2009-05-30
Promenade à Gênes
Après la nature, la culture.
Après la visite-éclair hier des Cinque Terre, j'ai consacré ma journée à la visite des attraits culturels et historiques de Gênes. Le but, c'était de se reposer et de s'instruire. Cette fois, je ne me suis pas pressé pour descendre en ville par le chemin habituel qui commence par le raidillon du Castellaccio. D'ailleurs, je ne me suis pas gêné pour m'arrêter et prendre cette photo d'un chat noir surpris dans un coin de la montée San Barnaba où quelqu'un en accueille plusieurs. Histoire de faire plaisir à la Môme Tournevis, disons... (La photo, je veux dire, pas la personne qui accueille les chats errants.) Le chat avait l'air quelque peu effarouché, mais je ne suis pas superstitieux. D'ailleurs, dans la cour de la demeure aux chats, comme on pourrait l'appeler, il y avait de nombreux autres chats qui se prélaissaient dans l'herbe folle ou semblaient avoir pris en affection une vieille Fiat typiquement italienne. Ce qui a donné la photo ci-dessous, que je trouve assez pittoresque.Le passage aux choses sérieuses a commencé avec la visite d'un monument à la culture des voyages, des découvertes et de l'exotisme du XIXe siècle : le musée des cultures du monde sis dans un château presque entièrement reconstruit à cette époque sur les ruines d'un bastion du temps de Charles Quint.

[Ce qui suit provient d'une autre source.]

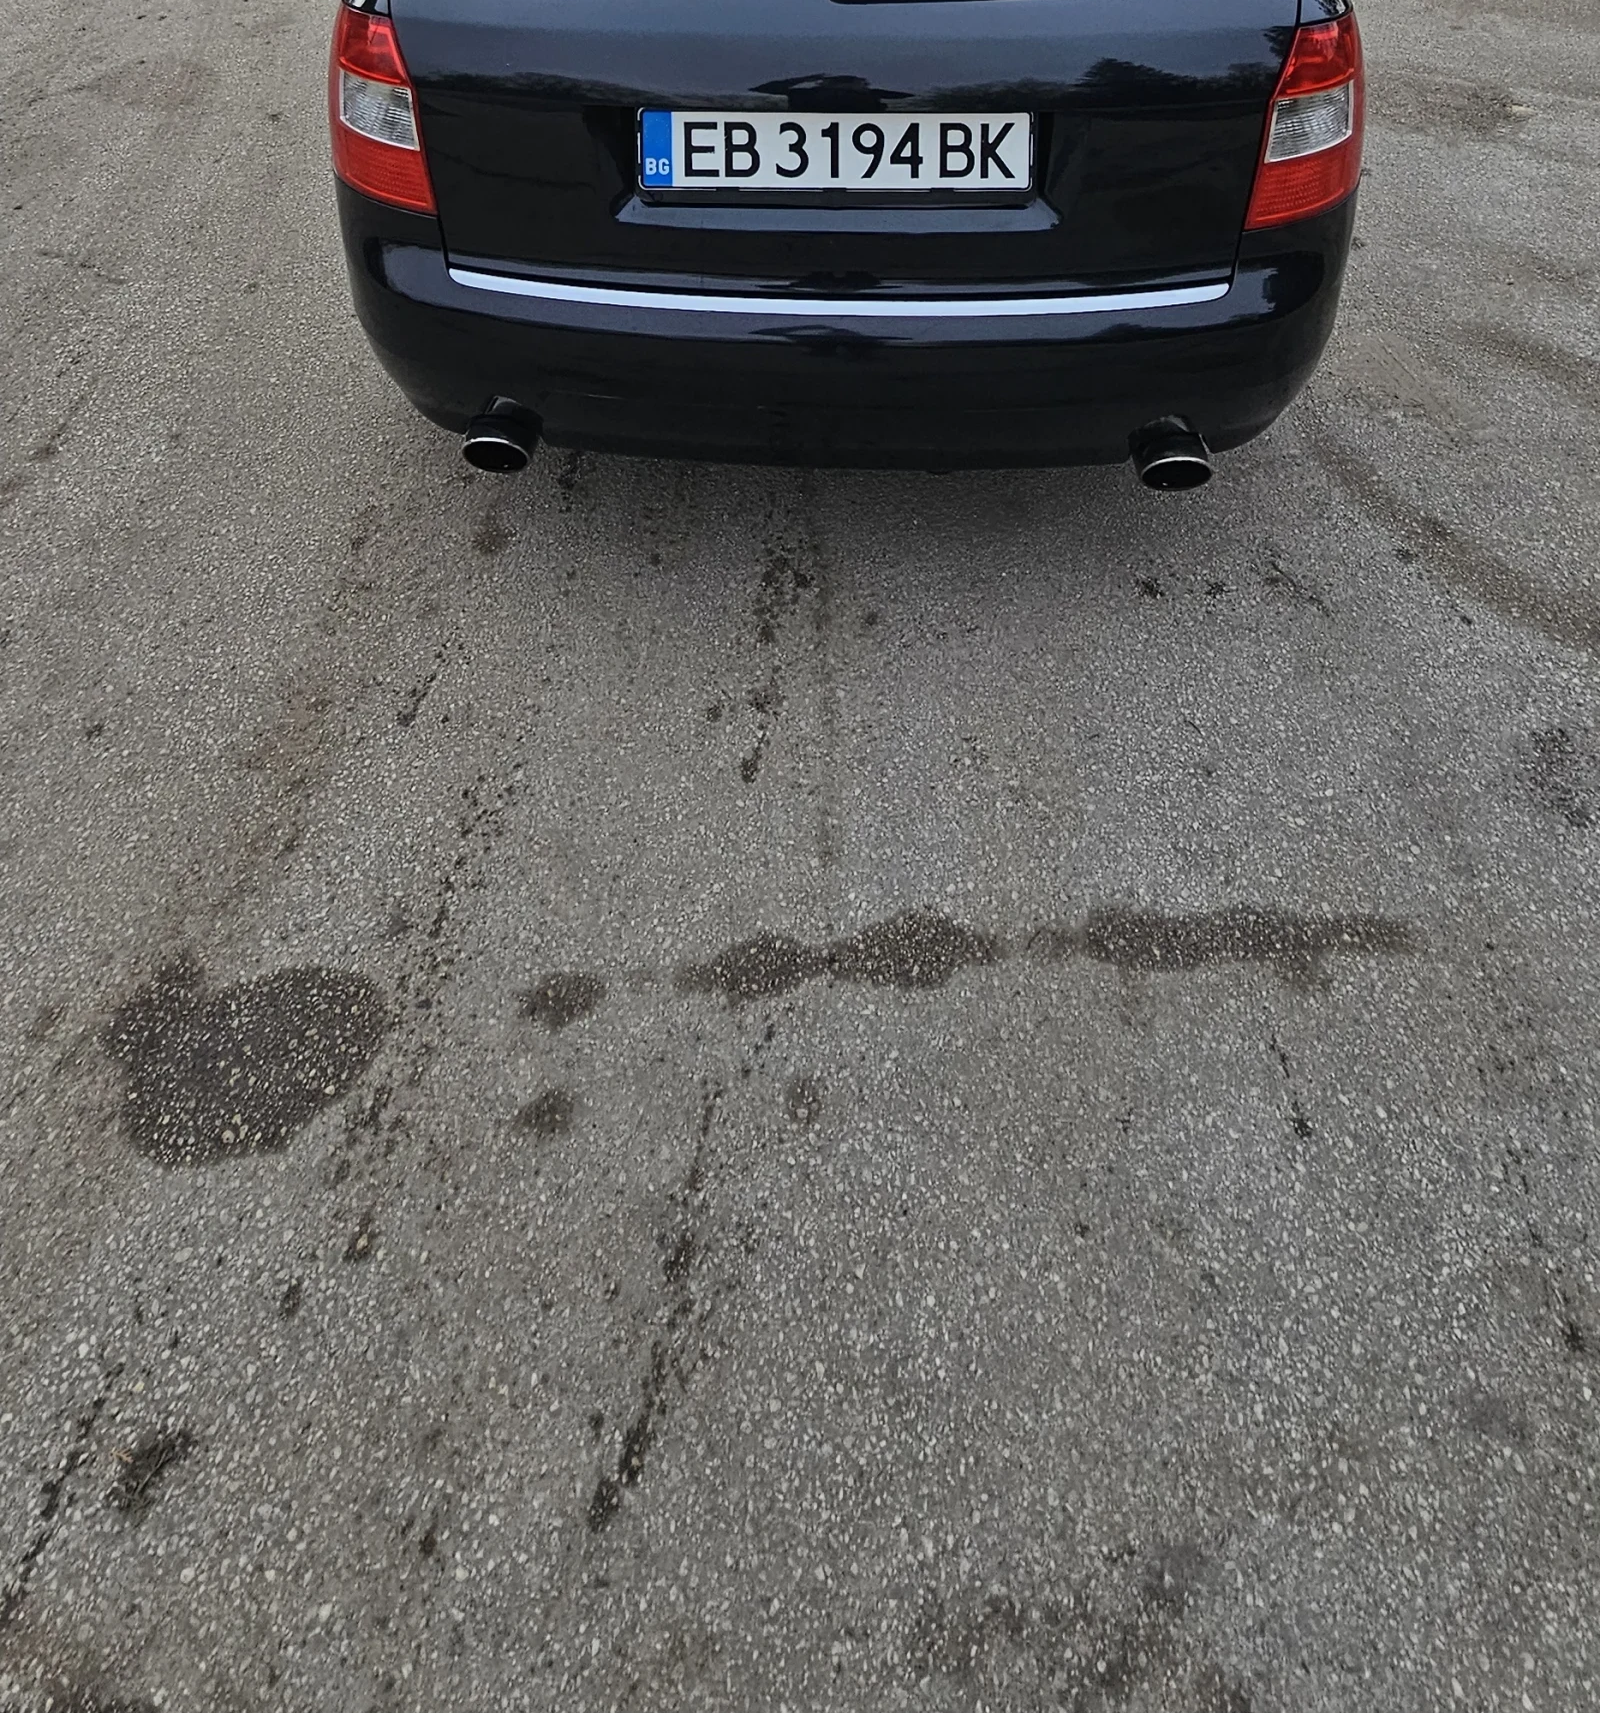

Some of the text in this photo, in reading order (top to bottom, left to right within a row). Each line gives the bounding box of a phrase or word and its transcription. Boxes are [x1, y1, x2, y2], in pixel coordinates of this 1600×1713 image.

[645, 157, 670, 175] BG
[683, 121, 1015, 179] EB 3194 BK

C'est le Castello d'Albertis, édifié par un ancien capitaine et explorateur originaire de la ville. À l'intérieur de ce curieux édifice, le capitaine au long cours a rassemblé des souvenirs d'un peu partout, collectionnés durant ses voyages ou obtenus de missionnaires, par exemple. Il y a aussi une splendide salle colombienne ainsi nommée en hommage à Christophe Colomb, prolongée par un balcon qui sert d'écrin à une statue en marbre blanc du jeune Cristoforo Colombo, assis sur un quai de Gênes, le visage pensif et furibond comme s'il rongeait son frein. Mais il y a aussi une salle à la turque, tendue de tapisseries comme si on se trouvait à l'intérieur d'une tente de Bédouin. Un totem de la Colombie-Britannique, ainsi que d'autres objets autochtones des Amériques. Et une reconstitution de la cabine utilisée par le capitaine Albertis pendant certains de ses voyages... Le musée a l'honnêteté de confesser que son fondateur ne s'est pas toujours distingué comme explorateur, revenant d'un voyage en Nouvelle-Guinée avec une réputation de chef tyrannique pour ses subalternes mais sans grands résultats concrets.

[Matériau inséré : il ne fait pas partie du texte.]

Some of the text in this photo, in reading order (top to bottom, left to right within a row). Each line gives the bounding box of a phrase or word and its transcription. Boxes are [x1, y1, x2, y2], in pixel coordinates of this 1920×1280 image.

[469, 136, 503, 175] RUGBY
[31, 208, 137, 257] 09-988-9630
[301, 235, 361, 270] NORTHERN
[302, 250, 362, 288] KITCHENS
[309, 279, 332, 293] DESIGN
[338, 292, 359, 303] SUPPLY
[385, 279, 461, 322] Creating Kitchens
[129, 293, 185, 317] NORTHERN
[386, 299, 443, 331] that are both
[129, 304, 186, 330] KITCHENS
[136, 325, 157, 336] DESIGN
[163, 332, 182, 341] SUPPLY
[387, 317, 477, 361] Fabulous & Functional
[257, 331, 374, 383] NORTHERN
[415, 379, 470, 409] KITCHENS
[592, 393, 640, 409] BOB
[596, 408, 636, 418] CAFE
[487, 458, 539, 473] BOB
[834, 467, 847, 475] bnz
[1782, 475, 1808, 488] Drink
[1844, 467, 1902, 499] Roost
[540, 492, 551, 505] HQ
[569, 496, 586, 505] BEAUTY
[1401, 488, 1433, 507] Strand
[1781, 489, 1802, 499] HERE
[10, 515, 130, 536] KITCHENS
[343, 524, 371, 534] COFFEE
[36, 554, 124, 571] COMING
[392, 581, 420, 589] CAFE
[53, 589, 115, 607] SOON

Après un bref passage par la « Chiesa di Santissima Annunziata del Vastato », dont l'ouverture était apparemment le résultat d'une erreur de sorte qu'un prêtre escorte les quelques personnes à l'intérieur jusqu'à la sortie, en passant par le monastère attenant, je descends dans le port. Surprise! Je retrouve à quai un splendide galion que j'avais vu pour la dernière fois dans la rade de Cannes, il y a près de vingt ans. Il s'agit du navire en vedette dans le film Pirates (1986) de Roman Polanski. Si le film n'a pas eu le succès commercial espéré, il a au moins eu le mérite de nous laisser ce splendide souvenir de l'architecture navale d'antan. Un de ces jours, il faudra bien que je trouve l'occasion de regarder ce film, si ce n'est que pour le comparer à la trilogie de Johnny Depp en pirate... Néanmoins, le galion rappelle, au même titre que la statue de Christophe Colomb qui surplombe le port depuis sa situation sur le balcon du Castello d'Albertis, que Gênes a joué un rôle commercial capital dans l'économie européenne, même après la découverte des Amériques et l'arrivée massif de l'or arraché à ses habitants. Le Palazzo San Giorgio, autrefois à deux pas de la rade, héberge aujourd'hui les autorités portuaires, à l'entrée de la vieille ville de Gênes, mais il avait d'abord été l'hôtel de ville, puis le siège de la banque di San Giorgio. Il aurait même servi de prison à Marco Polo, qui aurait profité de son séjour pour dicter une première version de ses récits de voyage en Extrême-Orient.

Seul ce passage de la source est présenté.